Microcontrollers & Computers for Robotics
Every robot needs a brain. But not all brains are equal — and choosing the wrong one for a task is one of the most common beginner mistakes. A microcontroller is great at spinning a motor at exactly the right speed every millisecond. A Raspberry Pi is great at running a web server and processing camera images. A Jetson is great at running neural networks in real time. Let's learn what each does and when to use it.

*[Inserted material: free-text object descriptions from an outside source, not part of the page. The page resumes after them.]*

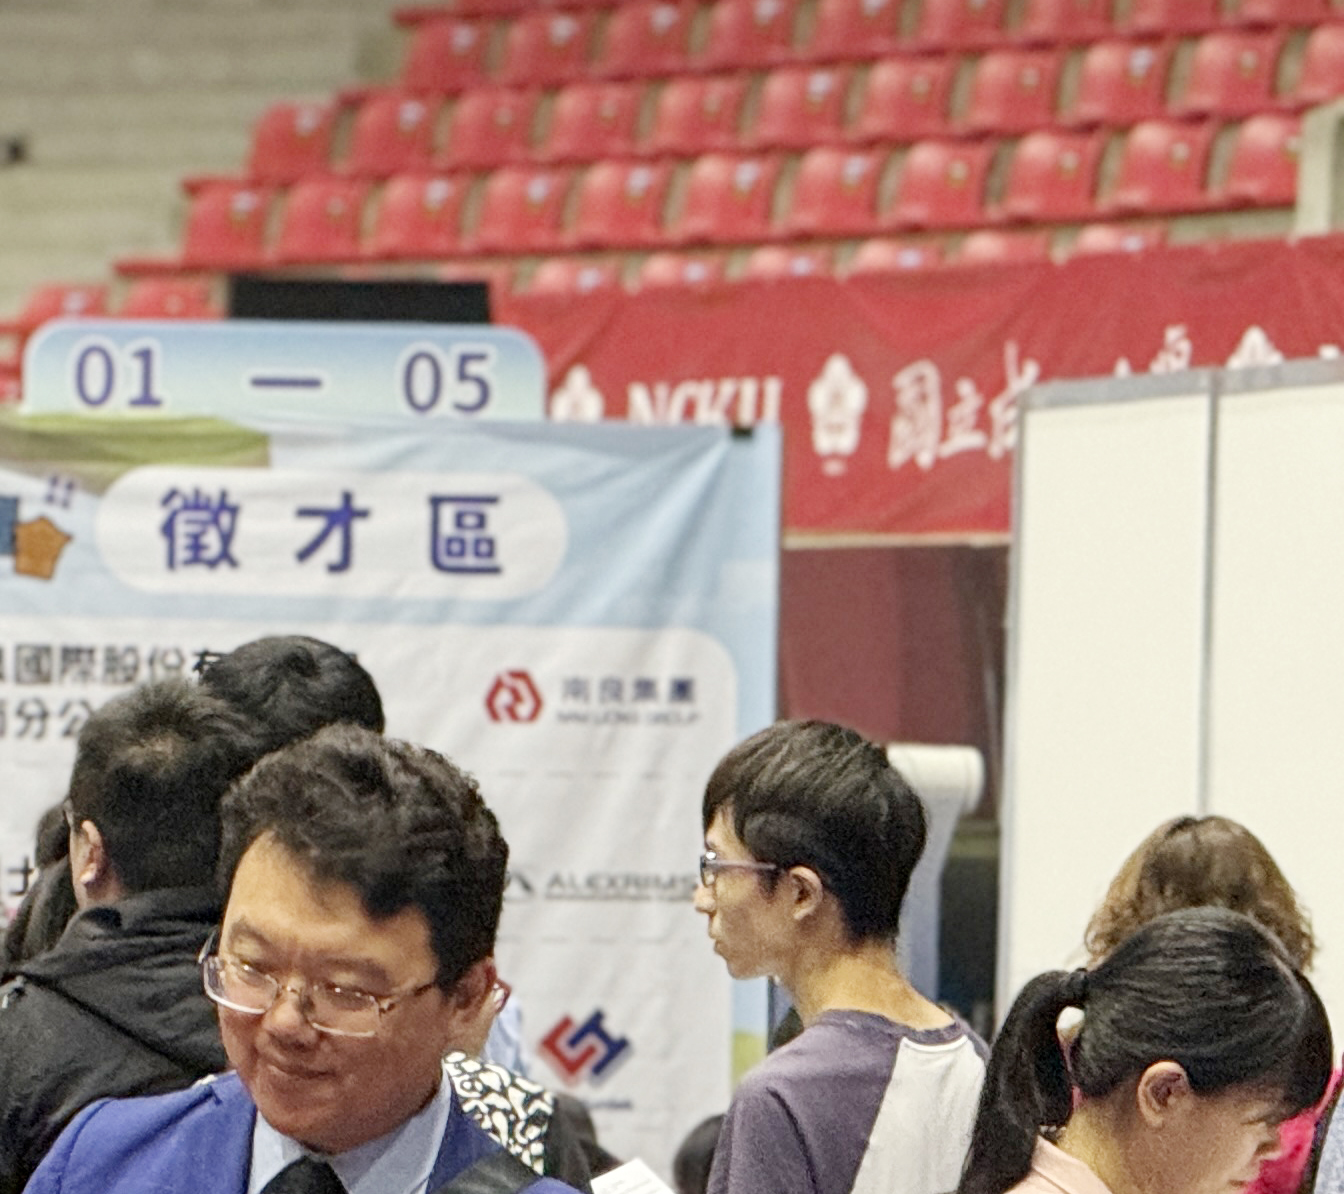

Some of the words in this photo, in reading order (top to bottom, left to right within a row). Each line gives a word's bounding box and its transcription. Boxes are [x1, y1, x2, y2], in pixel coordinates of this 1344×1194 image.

[75, 344, 163, 408] 01
[403, 351, 492, 413] 05
[160, 488, 503, 576] 徵才區
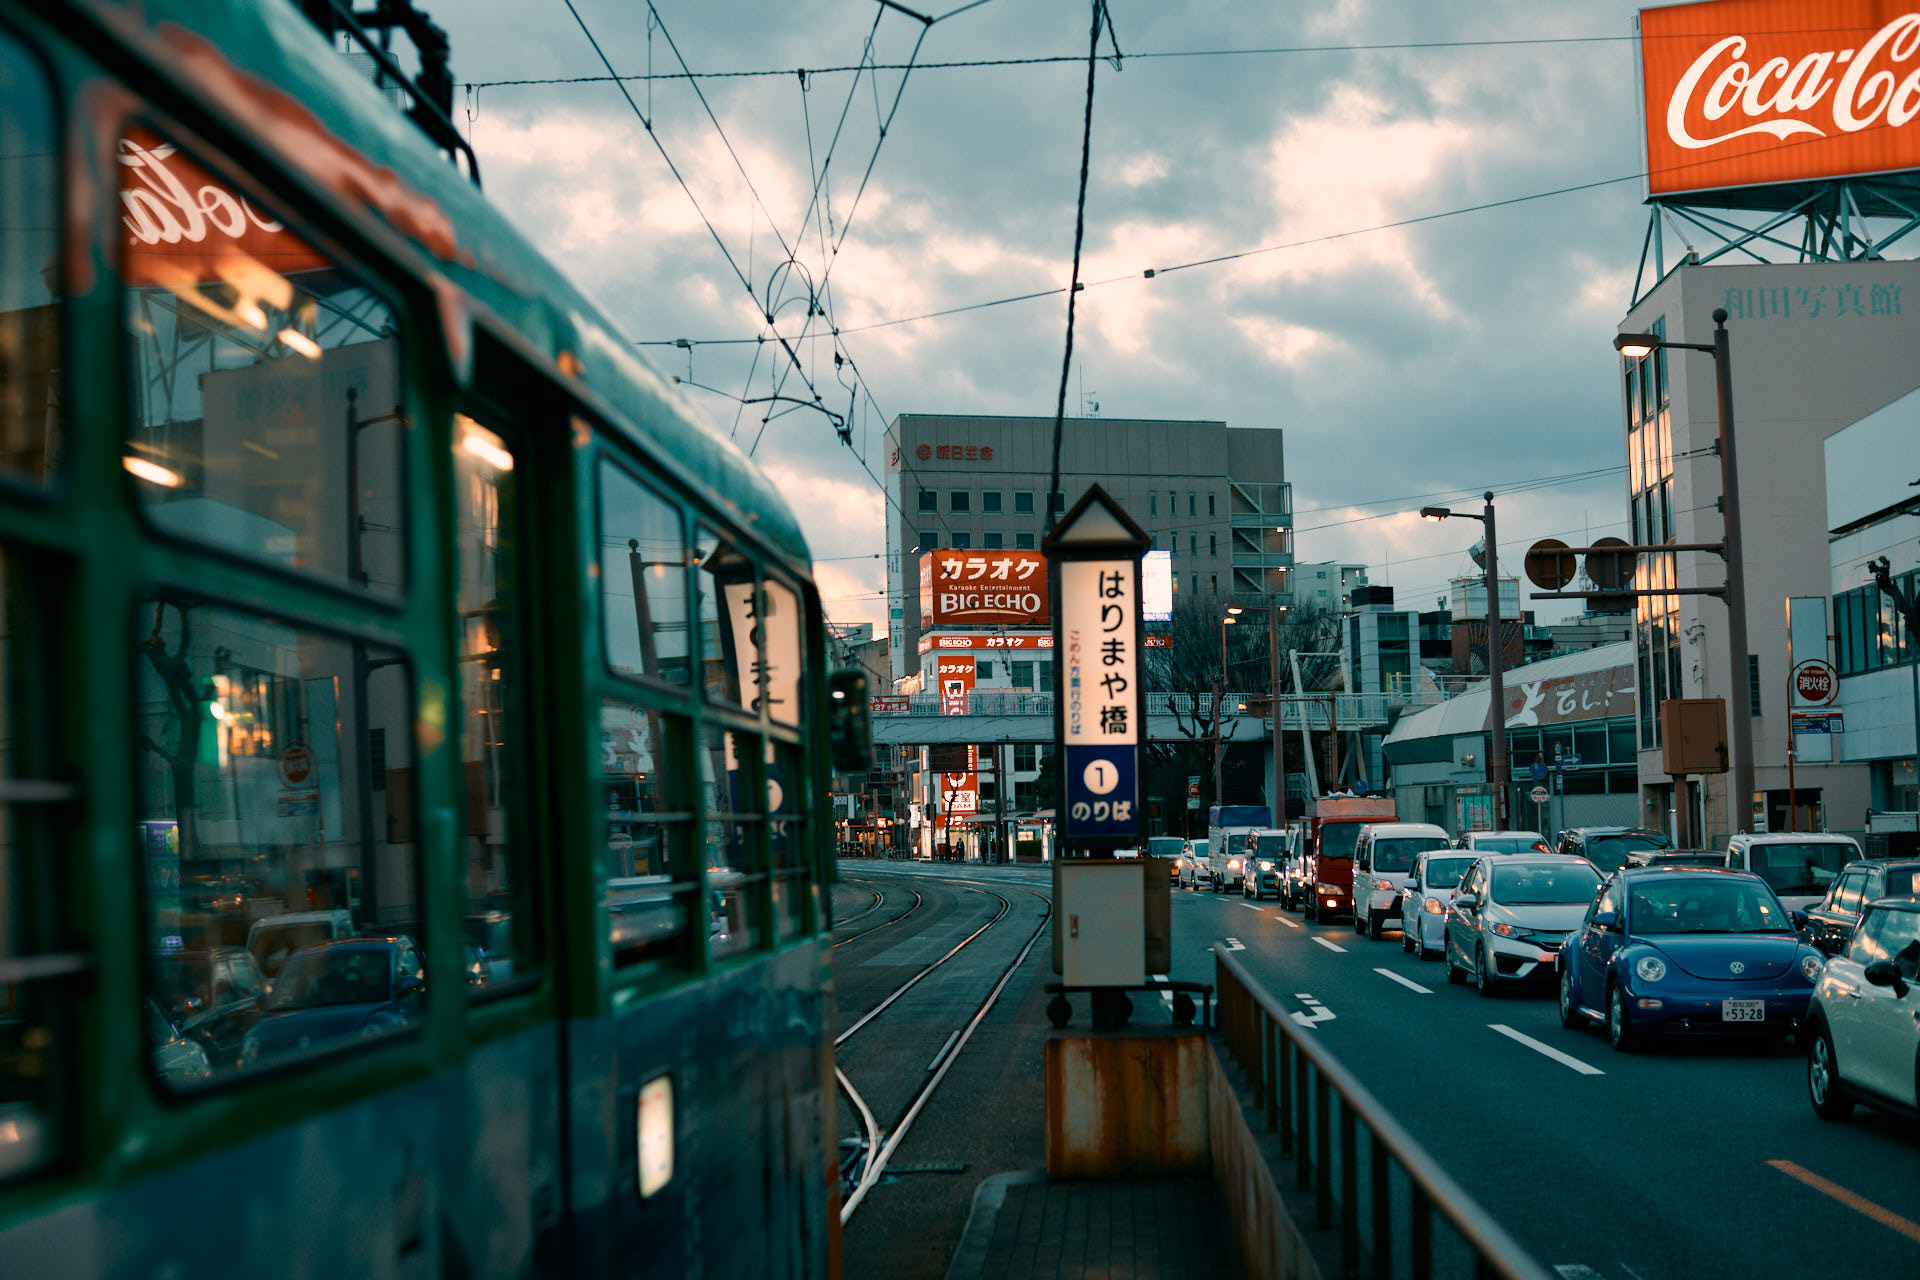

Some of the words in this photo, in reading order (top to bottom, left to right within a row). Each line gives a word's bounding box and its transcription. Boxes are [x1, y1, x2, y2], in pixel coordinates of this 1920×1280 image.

[1720, 283, 1903, 320] 和田写真館
[940, 557, 1039, 580] カラオケ
[940, 593, 980, 614] BIG
[984, 593, 1041, 613] ECHO
[986, 637, 1025, 647] カラオケ
[1099, 570, 1128, 735] はりまや橋
[939, 665, 974, 674] カラオケ
[1799, 676, 1829, 691] 消火栓
[1071, 801, 1132, 822] のりば
[1731, 1008, 1763, 1020] 53-28
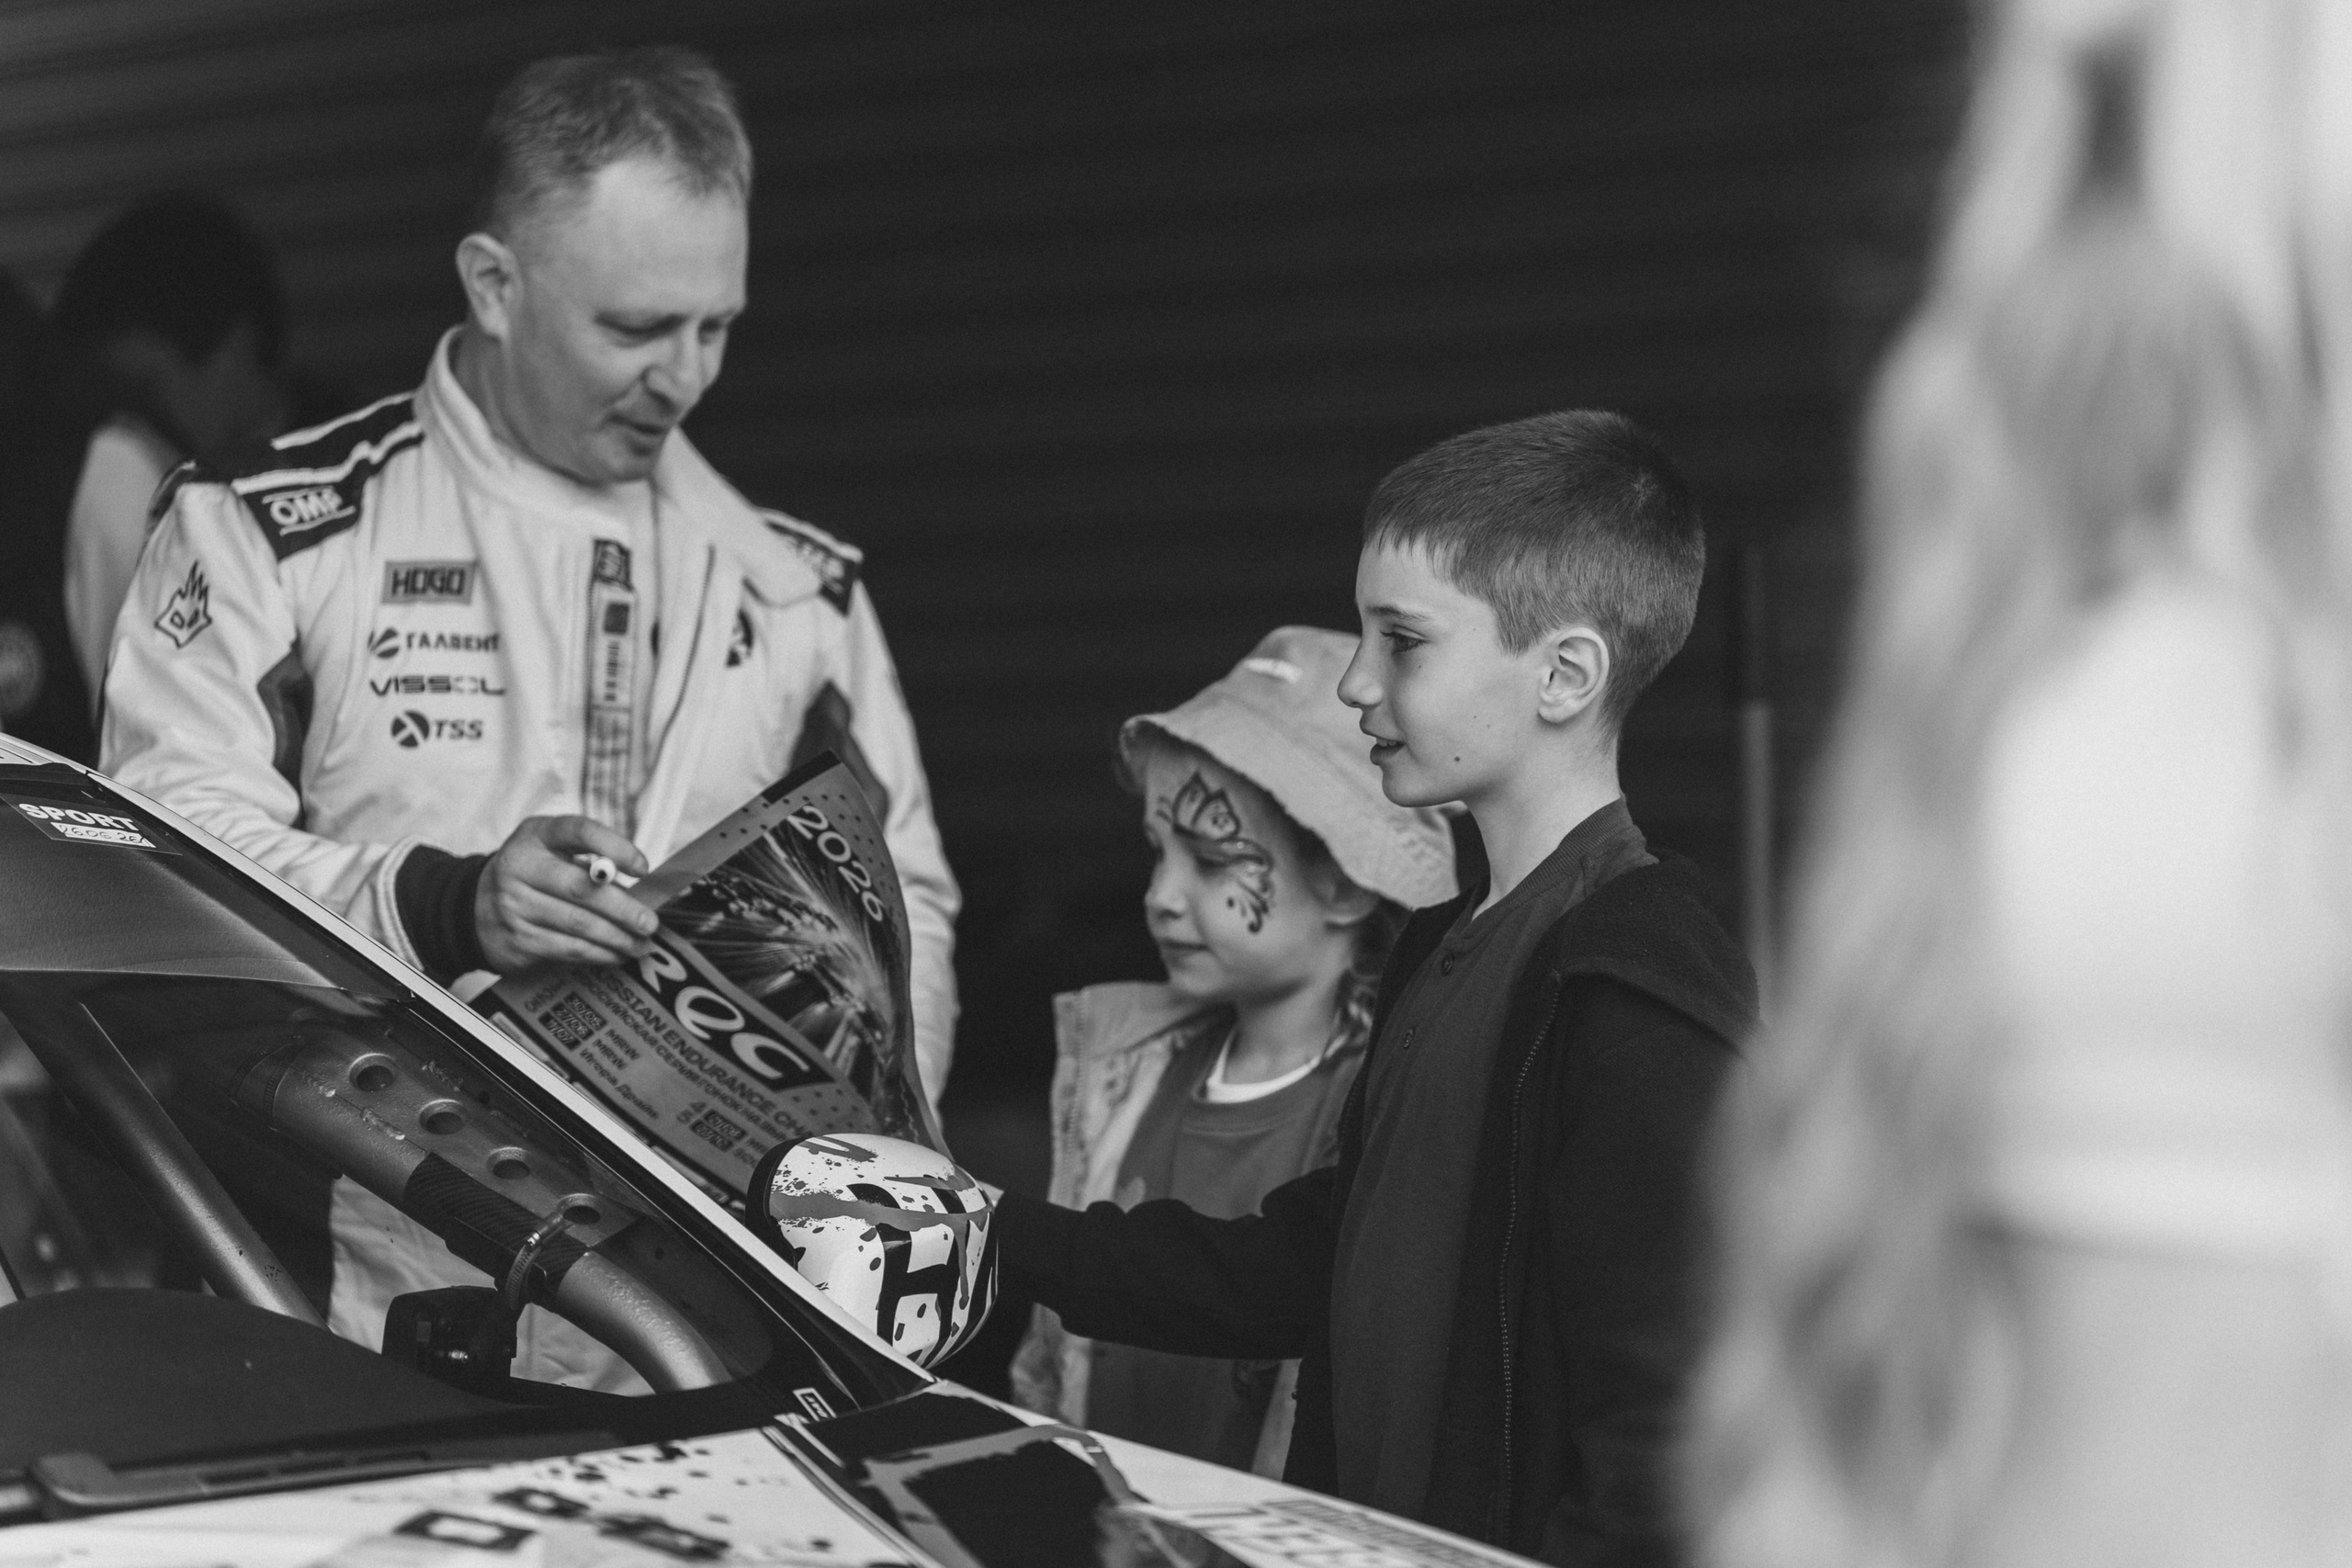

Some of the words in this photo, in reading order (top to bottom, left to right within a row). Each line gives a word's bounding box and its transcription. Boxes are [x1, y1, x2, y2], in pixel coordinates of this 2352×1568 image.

[434, 719, 483, 740] TSS
[18, 803, 139, 831] SPORT
[786, 804, 884, 923] 2026
[661, 1029, 777, 1113] ENDURANCE

1. Microcontrollers — The Real-Time Layer
A microcontroller (MCU) is a tiny computer built for one job: running a simple program, repeatedly, as fast as possible, with guaranteed timing. They're used for low-level hardware control.
Arduino (Uno, Mega, Nano)
The most beginner-friendly microcontroller ecosystem. The Arduino Uno has an 8-bit processor running at 16 MHz, 2KB of RAM, and 32KB of program storage. Those specs sound terrible by modern standards — but it's more than enough to control 20 servo motors, read 6 analog sensors, and communicate over serial, all at the same time. The Arduino IDE and massive community make it the perfect starting point.
STM32 & Teensy (advanced MCUs)
When Arduino's performance isn't enough, these more powerful 32-bit microcontrollers step in. They run at 120–600 MHz and are used in drone flight controllers, motor drivers, and professional robotics. The learning curve is steeper but the capabilities are far greater.
What microcontrollers are good at
Hard real-time tasks — things that must happen within a guaranteed time window. Reading an encoder every 1ms, sending a PWM signal to a motor every 10ms, or sampling an IMU at 1000Hz. A full Linux computer like a Raspberry Pi can't guarantee these timings because the OS might pause your code to do other things.
2. Single-Board Computers — The High-Level Brain
These are full Linux computers on a small circuit board. They're too slow for hard real-time tasks but powerful enough for navigation, communication, and running ROS.
Raspberry Pi 4 / 5
The go-to single-board computer for robotics hobbyists and researchers. A quad-core ARM CPU at 1.8GHz, 4–8GB RAM, WiFi, Bluetooth, USB, and HDMI — for about $80. It runs full Raspberry Pi OS (Debian Linux), ROS 2, Python, and can process 720p camera streams. Perfect for the "thinking brain" of a mobile robot.
Common robot pattern
Most DIY and research robots use a two-level architecture: a Raspberry Pi for high-level logic (navigation, planning, WiFi communication) and an Arduino for low-level hardware (reading sensors, driving motors). They talk to each other over a serial (USB) connection. ROS runs on the Pi and sends commands to the Arduino via rosserial.
3. AI Accelerator Boards — The Perception Brain
Running a deep learning model on a Raspberry Pi is possible, but very slow. AI accelerator boards add a GPU or dedicated neural network processor to the mix.
NVIDIA Jetson Orin Nano / AGX
The gold standard for edge AI in robotics. The Jetson Orin Nano delivers up to 40 TOPS (trillion operations per second) of AI performance at 7–15 watts. It can run YOLO object detection at 60fps, run SLAM algorithms, and power a full ROS 2 stack — all simultaneously. Used in autonomous delivery robots, drones, and research platforms.
Google Coral TPU
A USB-sized accelerator that plugs into a Raspberry Pi and runs TensorFlow Lite models at up to 4 TOPS. Great for adding fast inference to an existing Pi-based robot without switching to a Jetson. Limited to TFLite models only.
When do you need an AI board?
When your robot needs to run neural network inference in real time — object detection, depth estimation, person tracking, NLP for voice commands. If you're just doing IMU-based balance control or GPS navigation, a regular Pi is enough.
Frequently Asked Questions
Which board should an absolute beginner start with?
Arduino Uno. It's $25, the IDE is simple, tutorials are everywhere, and it teaches you the fundamentals of hardware control. Once you're comfortable, add a Raspberry Pi for WiFi, cameras, and ROS.
Can a Raspberry Pi replace an Arduino?
Partially. A Pi can drive servos via GPIO, but it can't guarantee the precise timing that a microcontroller can — the Linux OS introduces latency jitter. For hobby projects with slow motors this is fine. For high-speed control loops (IMU-based balance, brushless motor ESCs), you need a dedicated MCU.
What's ROS, and which board runs it?
ROS (Robot Operating System) is the middleware framework that lets different parts of a robot communicate. It runs on full Linux computers — Raspberry Pi, Jetson, or a regular laptop. Microcontrollers like Arduino can connect to ROS via a package called micro-ROS.
How much does a complete robot brain setup cost?
A basic setup (Arduino Nano + Raspberry Pi 4) costs about $100–120. A perception-capable setup (Pi 4 + Coral TPU) runs about $130–150. A full professional AI robot brain (Jetson AGX Orin) costs $500–800 — though the Jetson Orin Nano at ~$150 is a great middle ground.